Friday, July 2, 2004

New heads are better than one

Petite skull reopens human ancestry debate

(NewScientist.com news service, Will Knight, 18:47 01 July 04)

A typical archeological chasing after the wind.

Here’s the big paradox of contemporary archeological anthropology: we’ve known for almost a century (a la Franz Boas’s work) that skull morphology is one of the most variable phenotypic features and yet archeologists still split hairs over the fine differences between skull fragments that allegedly establish whole boundaries between species. It’s just spiffed-up necrophrenology.

I agree, though, this find does raise some interesting questions, to wit: if this little chap’s skull morphology is adequate to classify him as a Homo erectus, why should his presumably smaller skeleton de-classify him as one? Of course, if his skull isn’t taxonomically adequate, in light of the rest of his hypothetical skeleton, to classify him as a Homo erectus, what assurance do we have for relying so very heavily on previous cranial morphology as the criterion for differentiating prehistoric species?
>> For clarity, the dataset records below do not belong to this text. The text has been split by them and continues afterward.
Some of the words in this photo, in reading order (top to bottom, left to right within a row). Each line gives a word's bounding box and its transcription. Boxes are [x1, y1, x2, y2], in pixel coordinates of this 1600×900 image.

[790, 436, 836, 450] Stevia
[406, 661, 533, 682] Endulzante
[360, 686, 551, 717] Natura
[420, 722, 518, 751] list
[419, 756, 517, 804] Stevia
Ah, let the archeologists scramble for the grants. Meanwhile, here's what I'm waiting for: some zany, straight-faced activist group in defense of our prehistoric ancestors' remains. We've already got groups for the defense of Native American burial grounds. But that's not good enough. We know who speaks for the dead, but who will speak for the really, really dead? Who will speak up for the whole earth as a burial ground for our own species?

O, the humanity?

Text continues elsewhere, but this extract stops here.